At almost 79, the retired philosophy professor has the waddling gait of a stocky man starting to shrink with advancing years. But here in a Wisconsin courtroom in October, Fetzer is every bit the tempestuous man he was in the classroom: animated, bellicose, and unflaggingly confident in his intellectual superiority.
Across the courtroom, Fetzer’s longtime nemesis is stoic by contrast. Leonard Pozner is soft-spoken and restrained. In a dark-gray suit and salt-and-pepper goatee, Pozner, 52, is thinner and more polished than in the old photos of him still frequently used in the media. Fetzer says he’s too thin, too young-looking, and too goateed to be who he says he is: the father of the youngest victim of the 2012 mass shooting at Sandy Hook Elementary School in Newtown, Conn. Fetzer thinks Pozner is a phony (“probably Mossad”) and doesn’t believe his son or the 19 other children slaughtered in their first-grade classrooms ever existed.

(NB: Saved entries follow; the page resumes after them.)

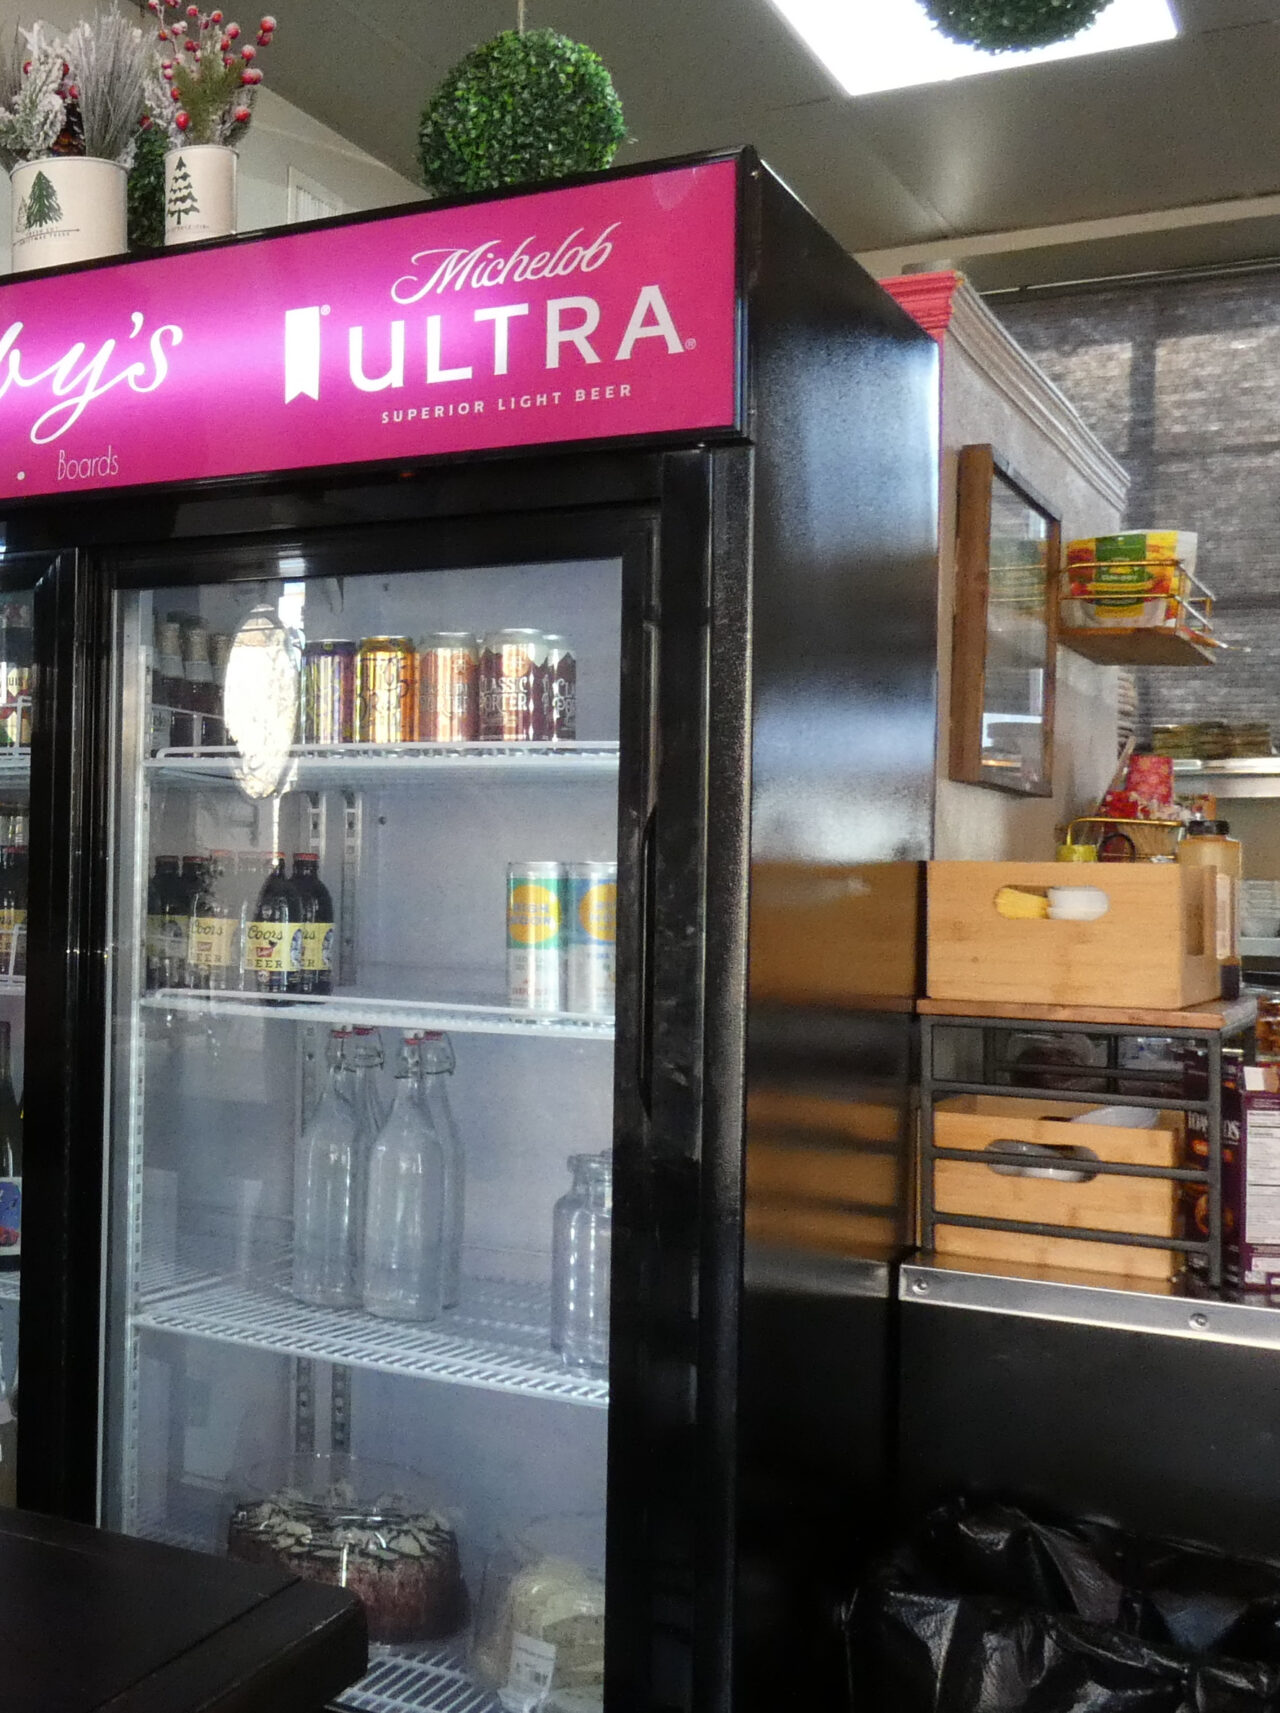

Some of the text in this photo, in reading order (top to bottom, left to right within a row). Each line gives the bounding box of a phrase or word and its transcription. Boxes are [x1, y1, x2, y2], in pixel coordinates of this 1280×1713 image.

[390, 221, 622, 305] Michelob
[349, 285, 684, 393] ULTRA
[382, 383, 632, 424] SUPERIOR LIGHT BEER
[56, 446, 120, 482] Boards
[247, 926, 283, 941] Coors
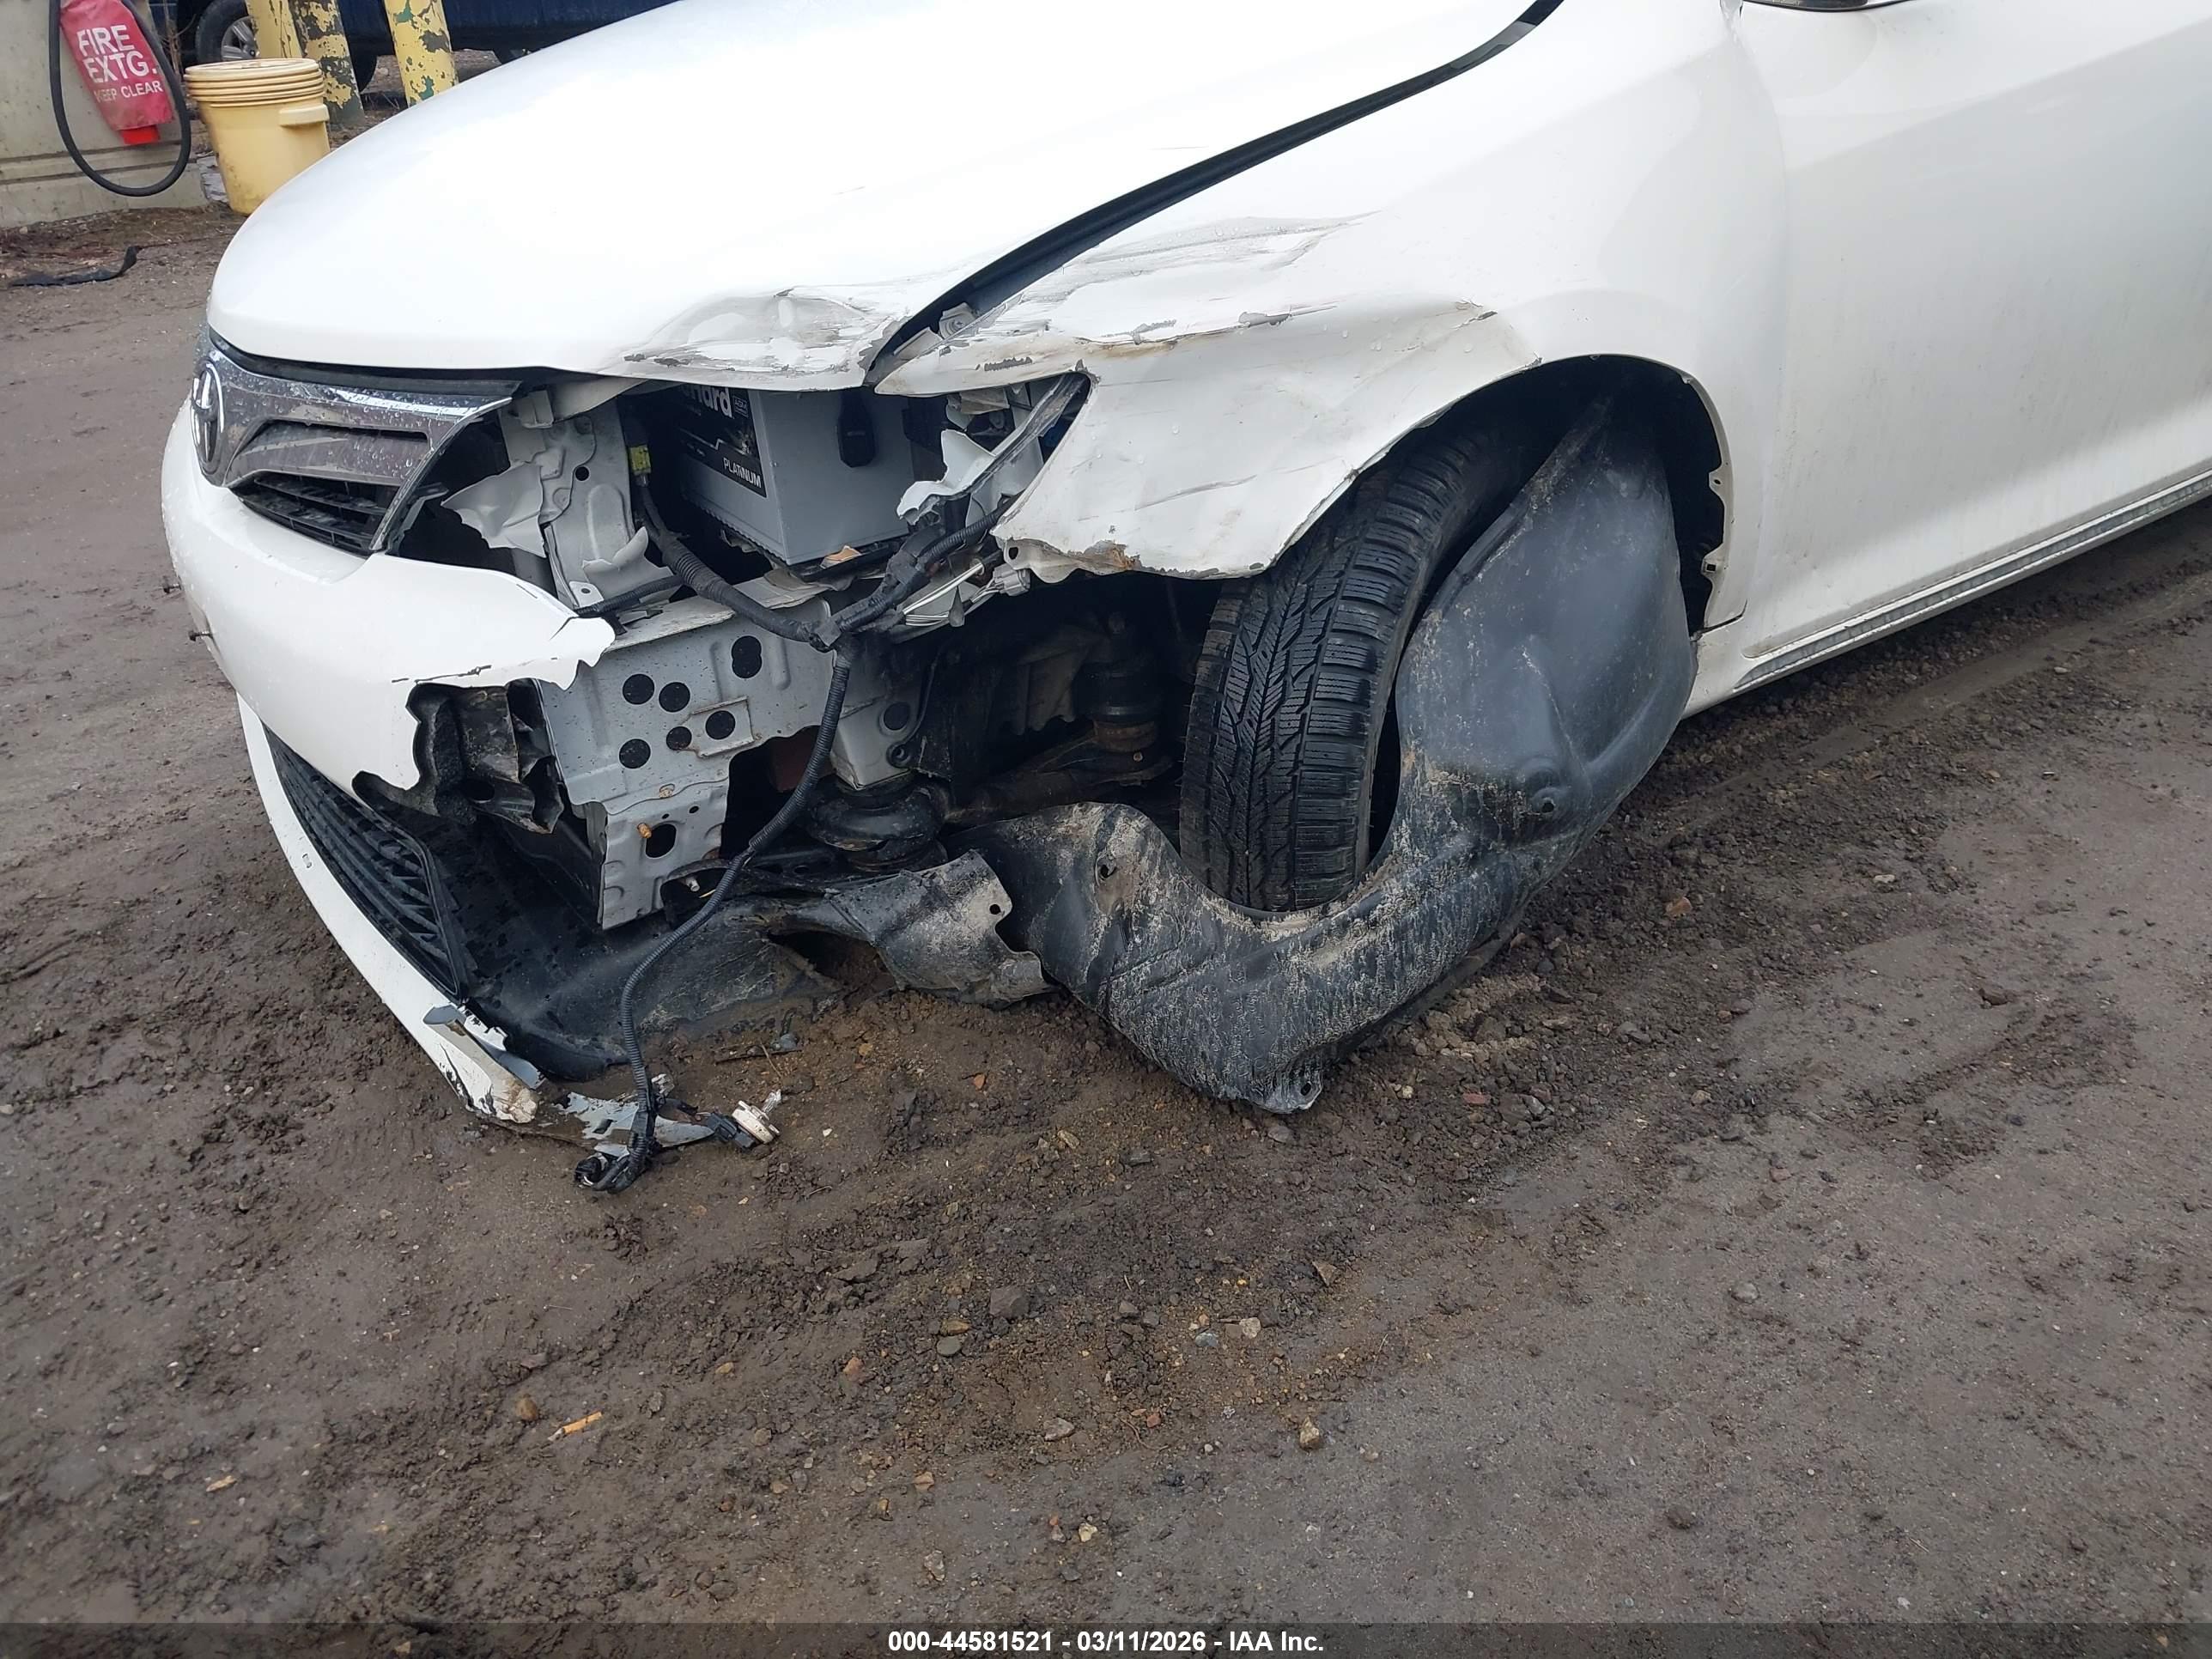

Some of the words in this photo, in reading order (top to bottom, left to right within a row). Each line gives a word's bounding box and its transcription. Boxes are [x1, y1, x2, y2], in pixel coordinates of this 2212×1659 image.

[76, 24, 135, 57] FIRE
[82, 50, 157, 83] EXTG.
[94, 88, 118, 103] KEEP
[120, 80, 164, 99] CLEAR
[723, 457, 762, 488] PLATINUM
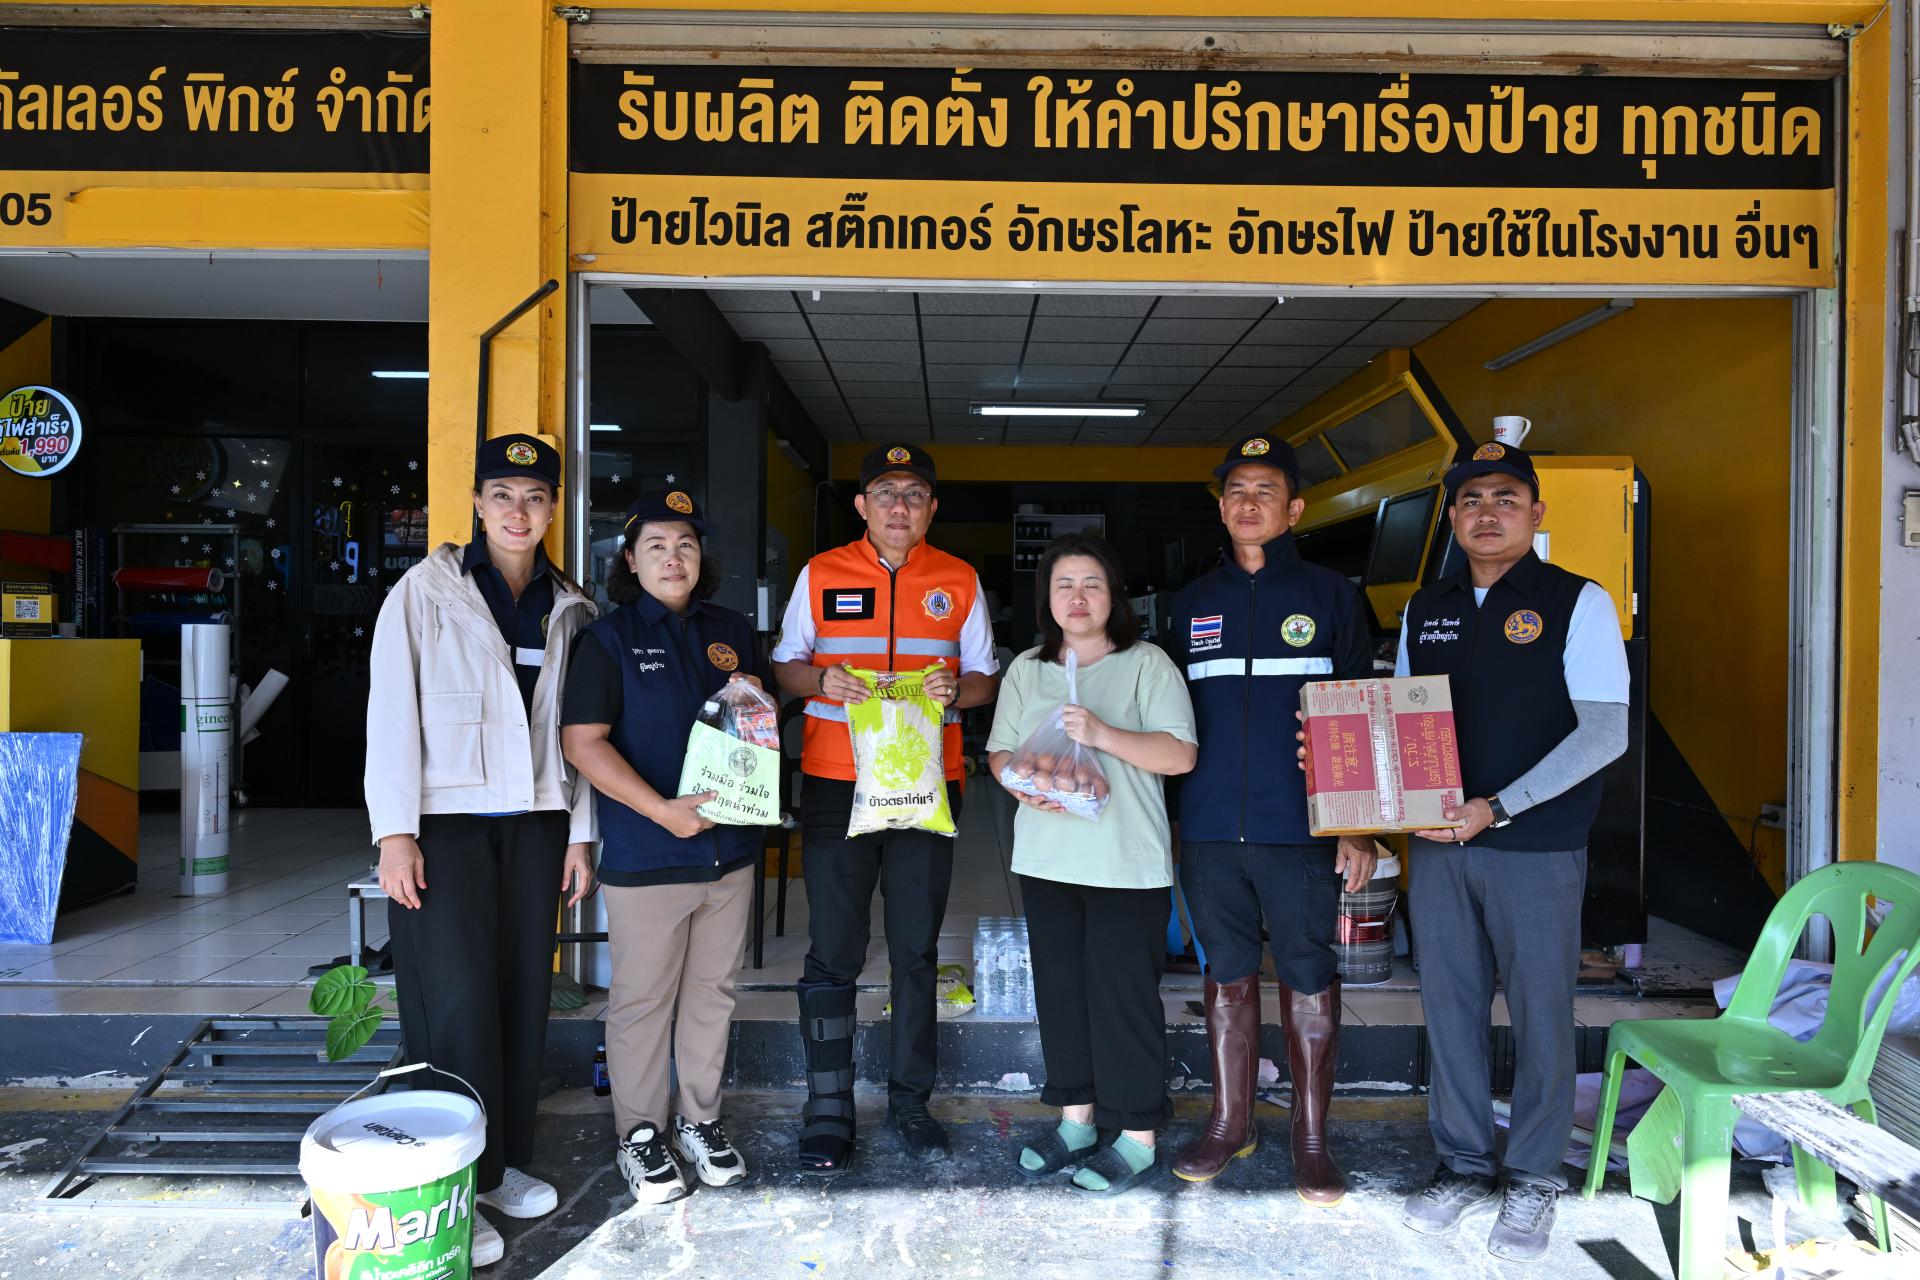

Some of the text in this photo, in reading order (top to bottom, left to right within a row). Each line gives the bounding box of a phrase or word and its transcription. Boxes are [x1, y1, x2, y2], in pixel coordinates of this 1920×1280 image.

[183, 67, 299, 132] พิกซ์
[617, 68, 1821, 180] รับผลิต ติดตั้ง ให้คำปรึกษาเรื่องป้าย ทุกชนิด
[610, 192, 1820, 270] ป้ายไวนิล สติ๊กเกอร์ อักษรโลหะ อักษรไฟ ป้ายใช้ในโรงงาน อื่นๆ
[10, 394, 50, 418] ป้าย
[20, 436, 69, 458] 1,990
[41, 455, 58, 463] บาท
[75, 529, 83, 557] BLACK
[75, 558, 83, 592] CARBON
[701, 765, 769, 798] ร่วมมือ ร่วมใจ
[869, 791, 934, 807] ข้าวตราไก่แจ้
[362, 1121, 417, 1145] Captain
[344, 1184, 471, 1250] Mark

Halfway through our lunch at Tex Tubb’s Taco Palace, Fetzer starts talking about the Jews.
In the seven years since the shooting, Fetzer has leveraged his academic credentials to become a leading voice in a community of skeptics who argue the Sandy Hook tragedy and other mass shootings are hoaxes. On his blog and in a book, Nobody Died at Sandy Hook: It Was a FEMA Drill to Promote Gun Control, Fetzer accuses Pozner of circulating a fake death certificate for a fictitious child when he tried to prove his son had lived and died. Those statements are the focus of Pozner’s lawsuit against Fetzer, who lives in Wisconsin. With DNA tests, government documents, an affidavit from the funeral home, and Pozner’s son’s medical files in the court record, the judge has already ruled for Pozner on summary judgment and declared Fetzer’s statements false and defamatory. The jury is here only to decide how much Fetzer’s lies should cost him.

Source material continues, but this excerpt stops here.